▶ Assigned task
For every record that follows, write out the text exactly and omit the picture, if one is present.
Start of Supplied information
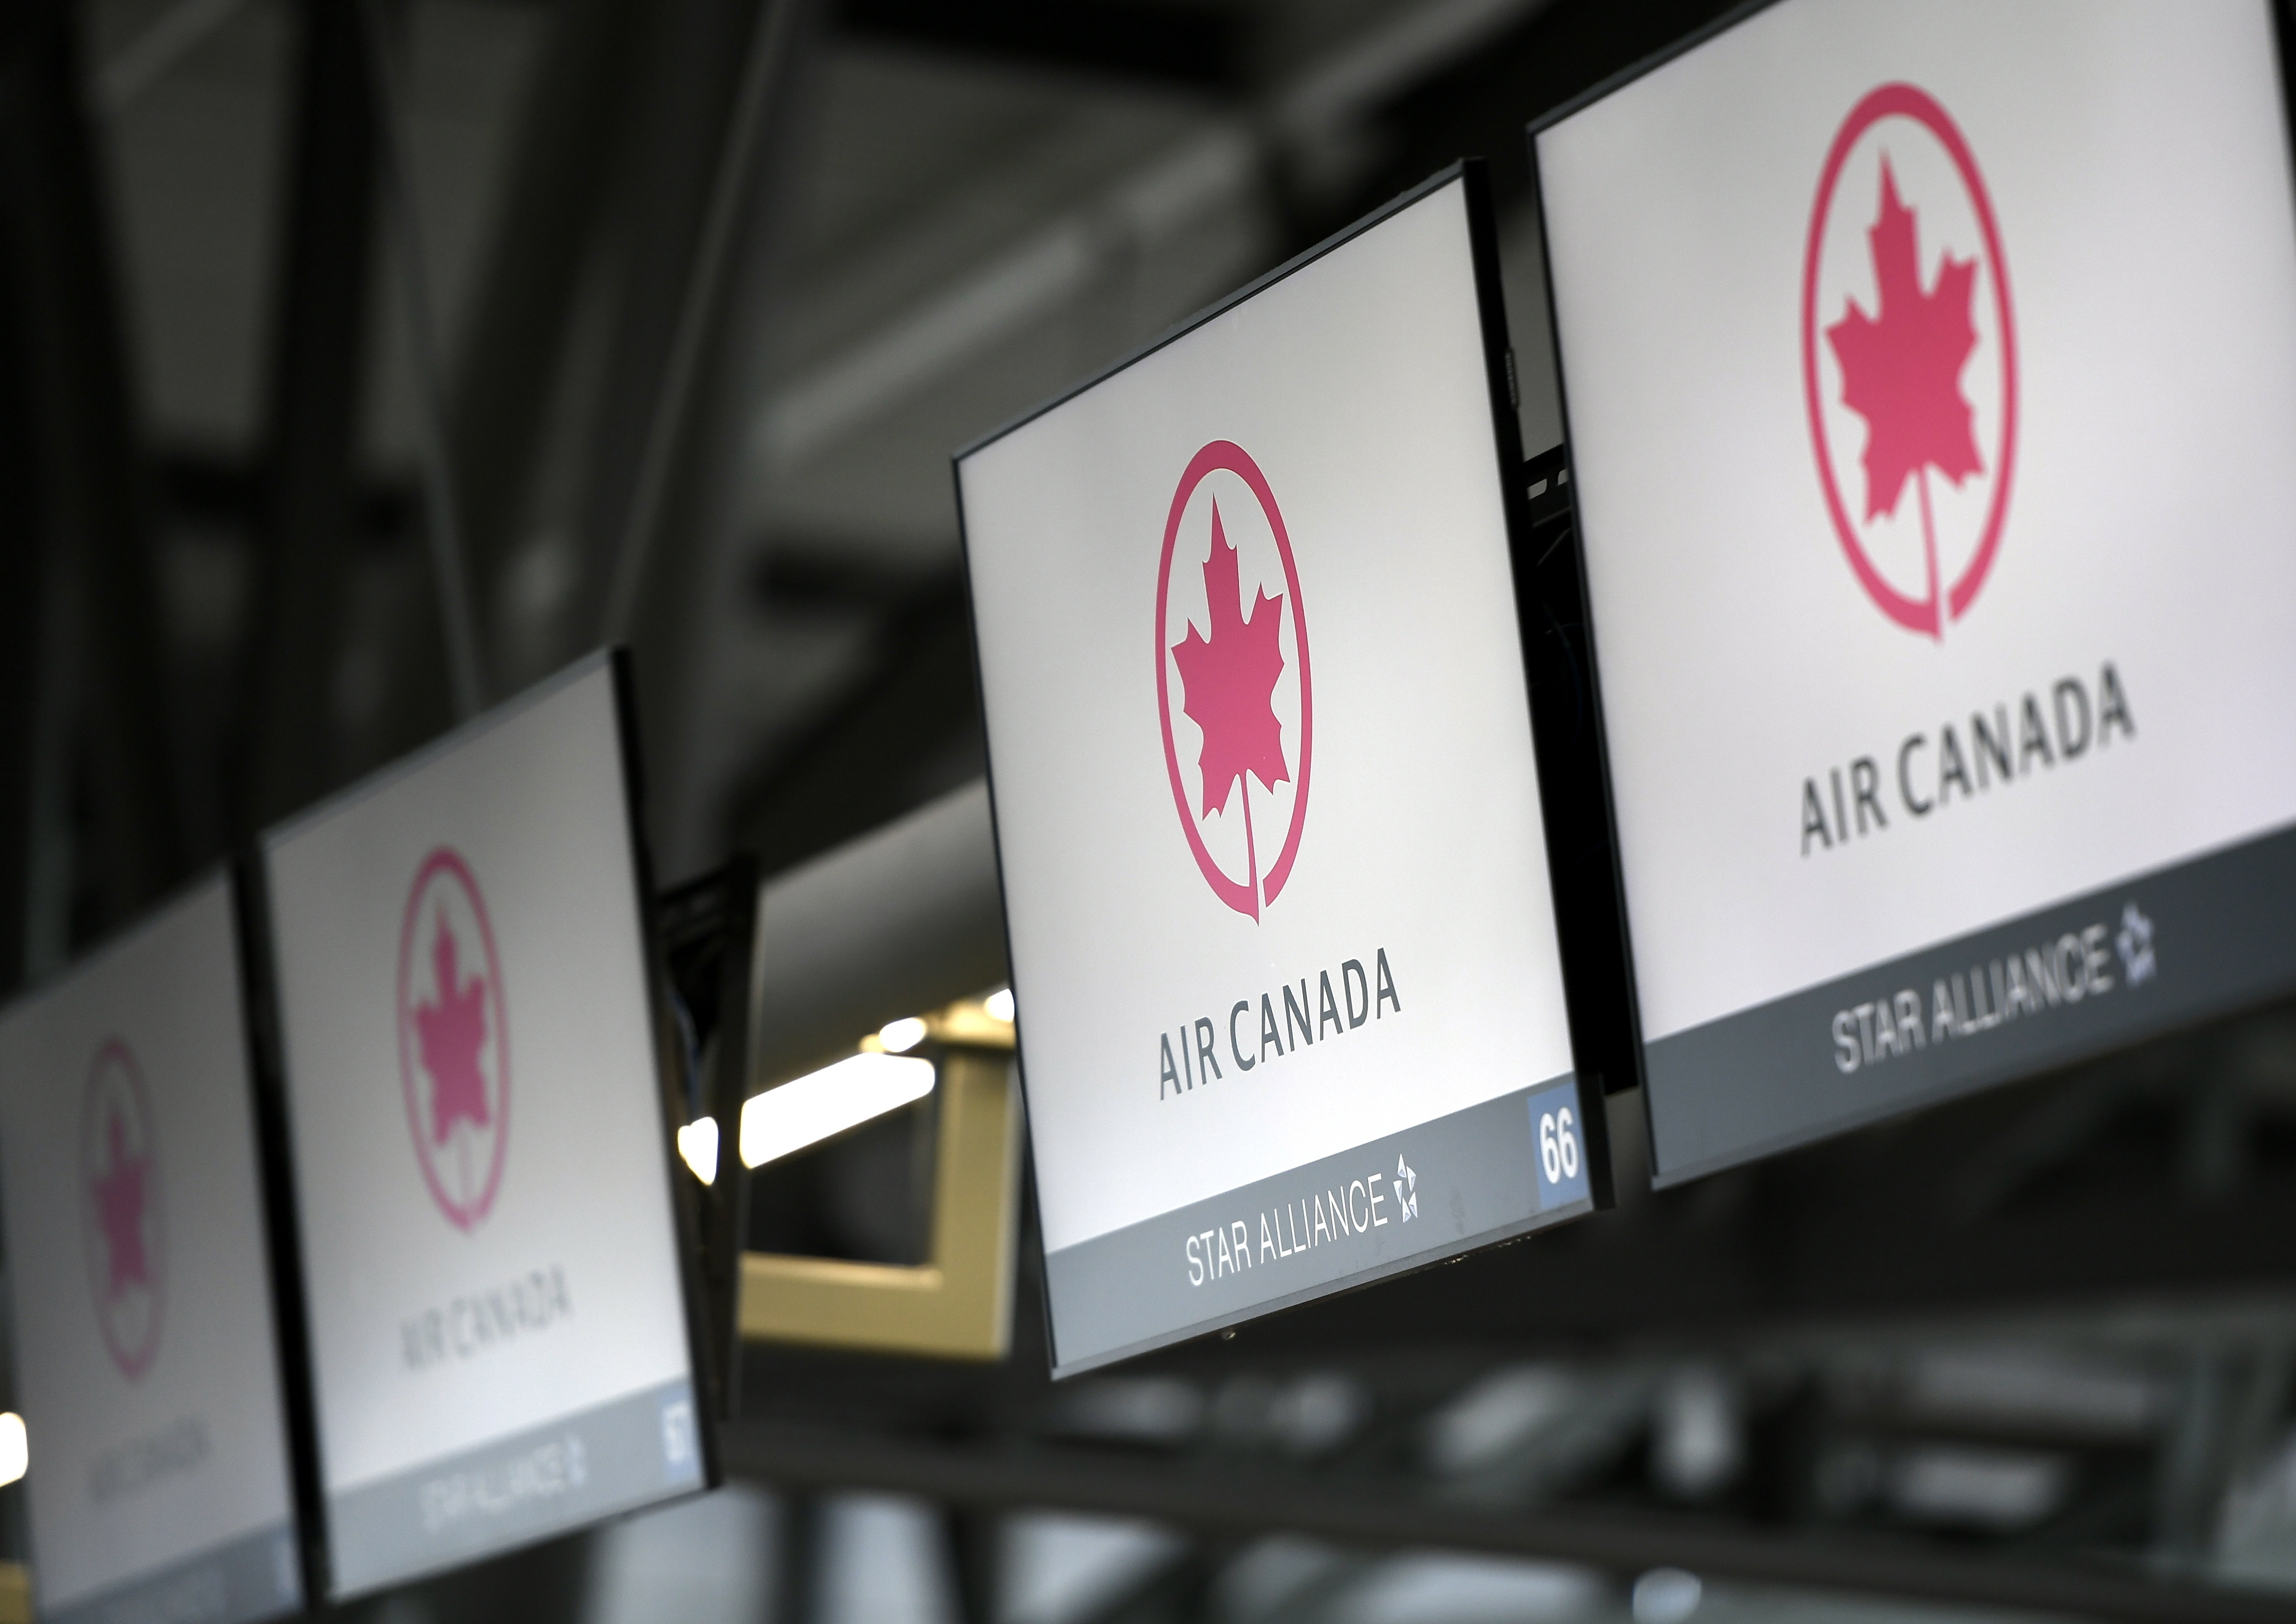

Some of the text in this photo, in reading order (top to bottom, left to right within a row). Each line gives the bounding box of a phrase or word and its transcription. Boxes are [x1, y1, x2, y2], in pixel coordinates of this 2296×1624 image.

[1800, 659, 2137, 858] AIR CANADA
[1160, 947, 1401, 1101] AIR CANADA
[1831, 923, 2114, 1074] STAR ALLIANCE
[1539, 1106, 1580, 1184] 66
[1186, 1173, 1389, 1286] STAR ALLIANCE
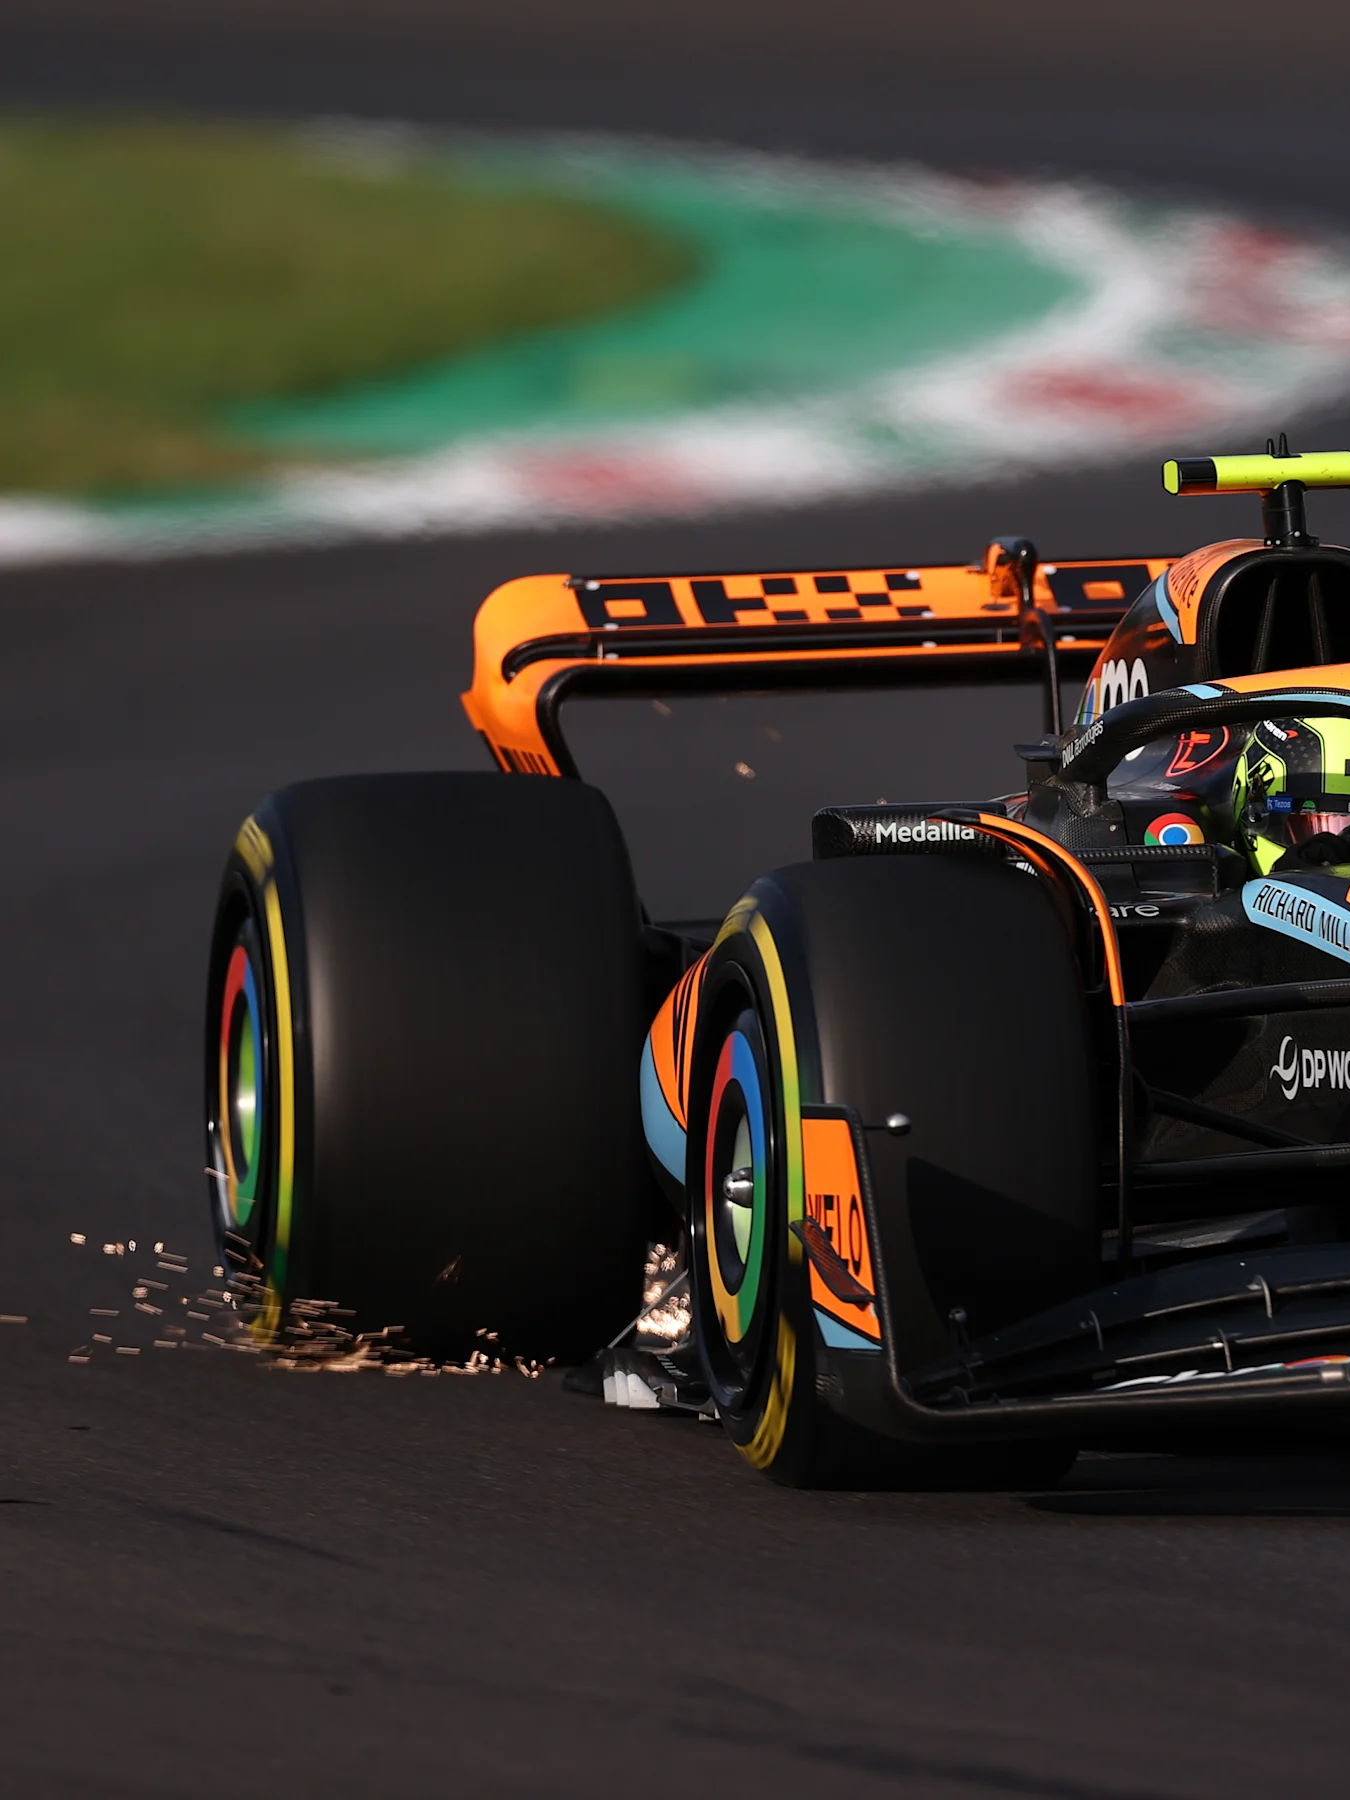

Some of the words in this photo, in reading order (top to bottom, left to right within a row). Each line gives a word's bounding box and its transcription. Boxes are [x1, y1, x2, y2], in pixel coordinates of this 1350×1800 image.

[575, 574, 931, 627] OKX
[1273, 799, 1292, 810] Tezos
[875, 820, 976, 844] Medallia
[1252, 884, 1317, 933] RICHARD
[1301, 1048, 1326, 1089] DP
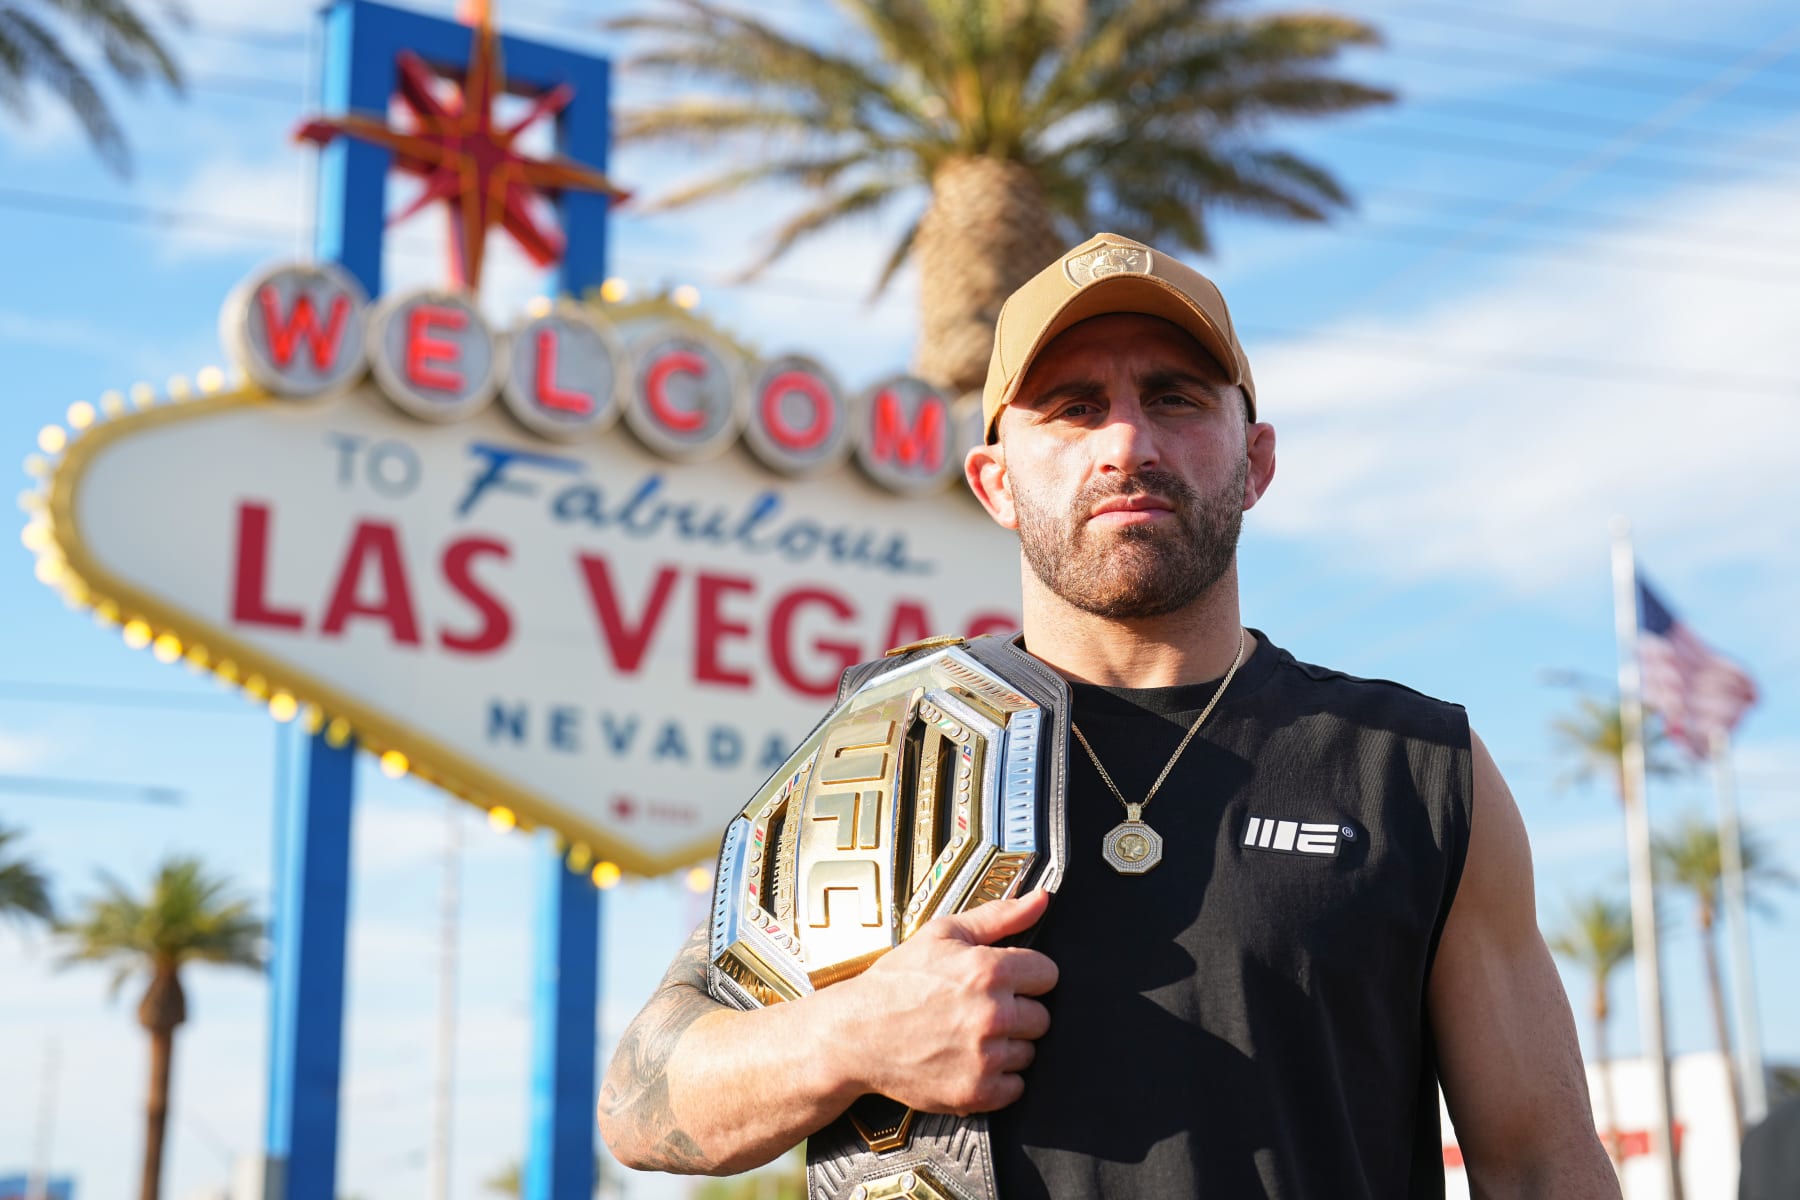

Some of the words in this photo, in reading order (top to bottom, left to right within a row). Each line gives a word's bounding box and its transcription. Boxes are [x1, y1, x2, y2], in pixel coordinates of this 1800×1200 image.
End of Supplied information
▶ Solved problem
Some of the text in this photo, in reading order (top to bottom, left to right within a row). Each line gives the bounding box of a phrase or word and its transcription. Boxes are [x1, y1, x2, y2], in pixel coordinates of this 2296×1624 image.

[1800, 659, 2137, 858] AIR CANADA
[1160, 947, 1401, 1101] AIR CANADA
[1831, 923, 2114, 1074] STAR ALLIANCE
[1539, 1106, 1580, 1184] 66
[1186, 1173, 1389, 1286] STAR ALLIANCE

Some of the words in this photo, in reading order (top to bottom, left to right within a row). Each line gives a word's bounding box and its transcription. Boxes are [x1, y1, x2, y2], in pixel coordinates of this 1350×1800 image.

[575, 574, 931, 627] OKX
[1273, 799, 1292, 810] Tezos
[875, 820, 976, 844] Medallia
[1252, 884, 1317, 933] RICHARD
[1301, 1048, 1326, 1089] DP

Some of the words in this photo, in reading order (top to bottom, left to right within a row). Each line gives a word's bounding box and its transcription. Boxes are [x1, y1, x2, y2], in pixel coordinates of this 1800×1200 image.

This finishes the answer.